Annotated photo localization data:
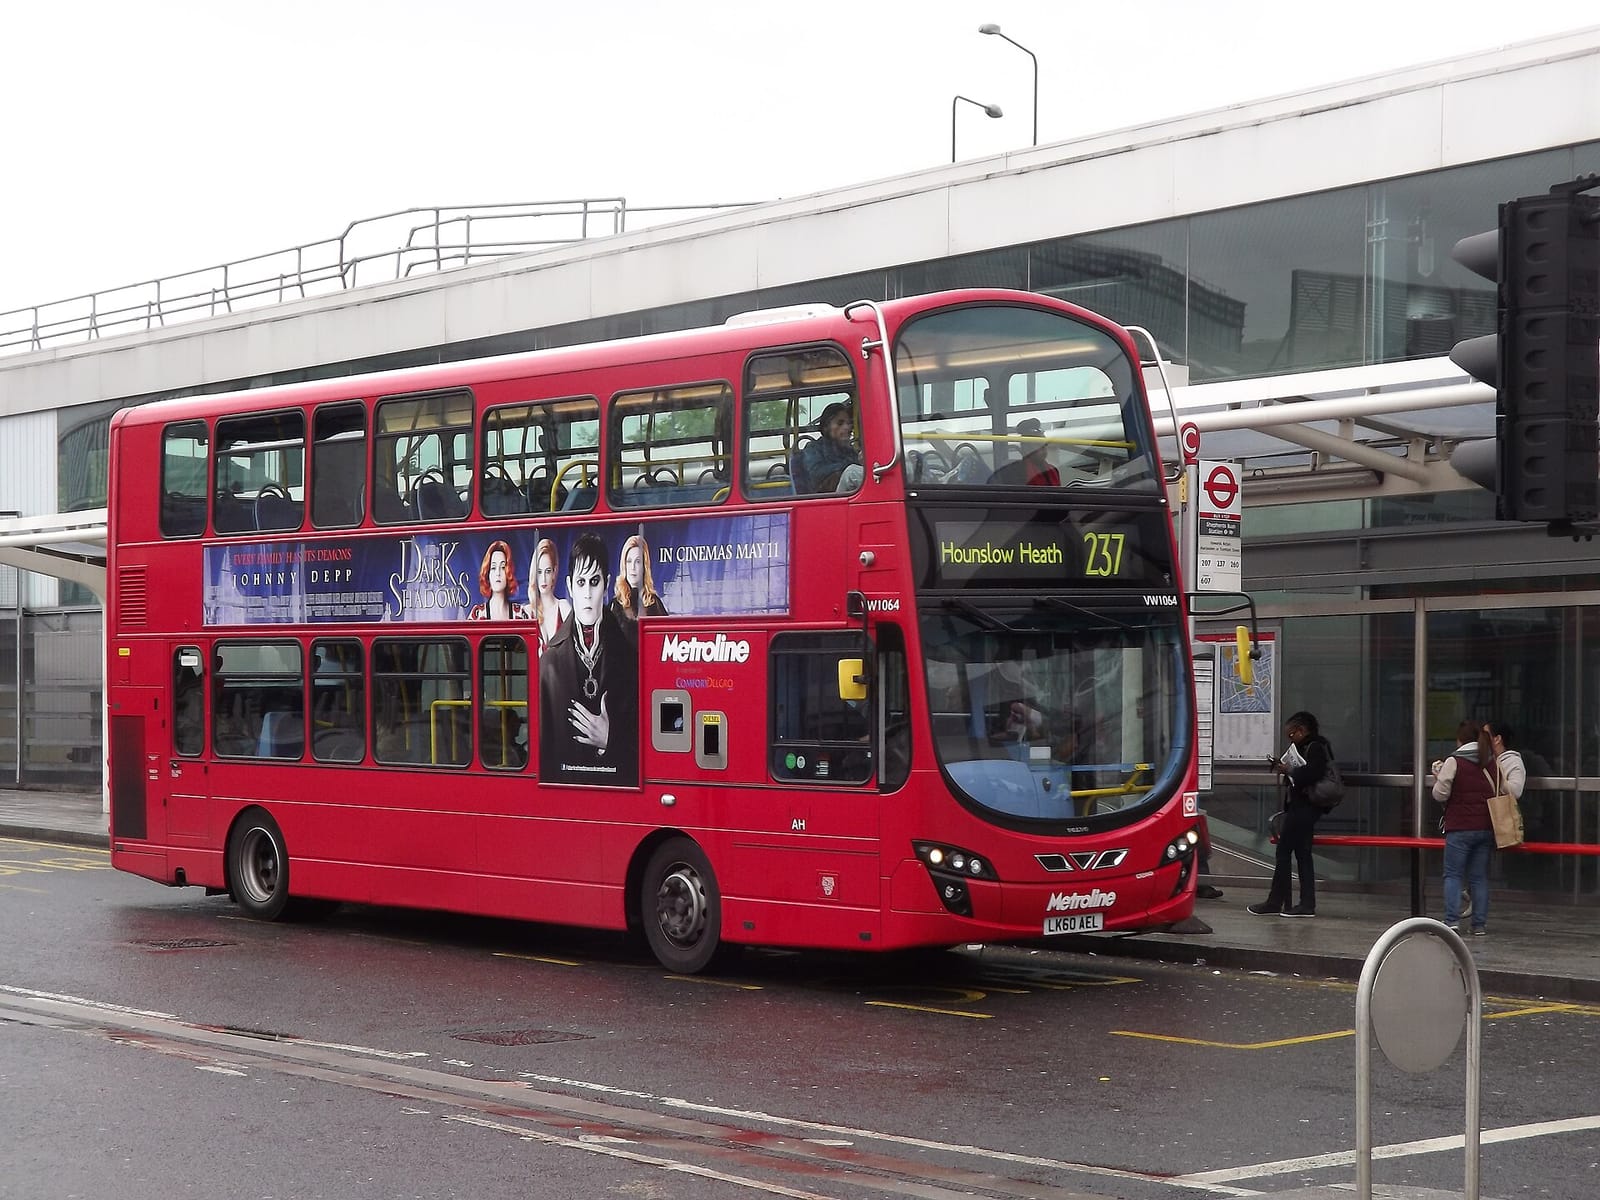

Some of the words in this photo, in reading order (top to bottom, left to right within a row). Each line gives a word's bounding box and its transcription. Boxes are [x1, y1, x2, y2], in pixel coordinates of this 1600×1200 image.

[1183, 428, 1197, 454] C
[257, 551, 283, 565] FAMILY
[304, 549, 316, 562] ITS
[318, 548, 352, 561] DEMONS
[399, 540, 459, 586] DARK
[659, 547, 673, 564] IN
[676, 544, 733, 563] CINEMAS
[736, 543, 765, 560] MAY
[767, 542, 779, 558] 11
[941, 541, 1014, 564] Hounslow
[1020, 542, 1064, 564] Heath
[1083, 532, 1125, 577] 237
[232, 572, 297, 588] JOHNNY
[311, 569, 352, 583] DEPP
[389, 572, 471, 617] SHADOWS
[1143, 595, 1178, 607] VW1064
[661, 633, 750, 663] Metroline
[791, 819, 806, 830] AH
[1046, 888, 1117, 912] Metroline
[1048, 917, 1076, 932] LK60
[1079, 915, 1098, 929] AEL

Exercise objective:
Pictures do not belong in the copy. Please reproduce the entries above exactly otherwise.

Expected output:
Some of the words in this photo, in reading order (top to bottom, left to right within a row). Each line gives a word's bounding box and its transcription. Boxes are [x1, y1, x2, y2], in pixel coordinates of this 1600×1200 image.

[1183, 428, 1197, 454] C
[257, 551, 283, 565] FAMILY
[304, 549, 316, 562] ITS
[318, 548, 352, 561] DEMONS
[399, 540, 459, 586] DARK
[659, 547, 673, 564] IN
[676, 544, 733, 563] CINEMAS
[736, 543, 765, 560] MAY
[767, 542, 779, 558] 11
[941, 541, 1014, 564] Hounslow
[1020, 542, 1064, 564] Heath
[1083, 532, 1125, 577] 237
[232, 572, 297, 588] JOHNNY
[311, 569, 352, 583] DEPP
[389, 572, 471, 617] SHADOWS
[1143, 595, 1178, 607] VW1064
[661, 633, 750, 663] Metroline
[791, 819, 806, 830] AH
[1046, 888, 1117, 912] Metroline
[1048, 917, 1076, 932] LK60
[1079, 915, 1098, 929] AEL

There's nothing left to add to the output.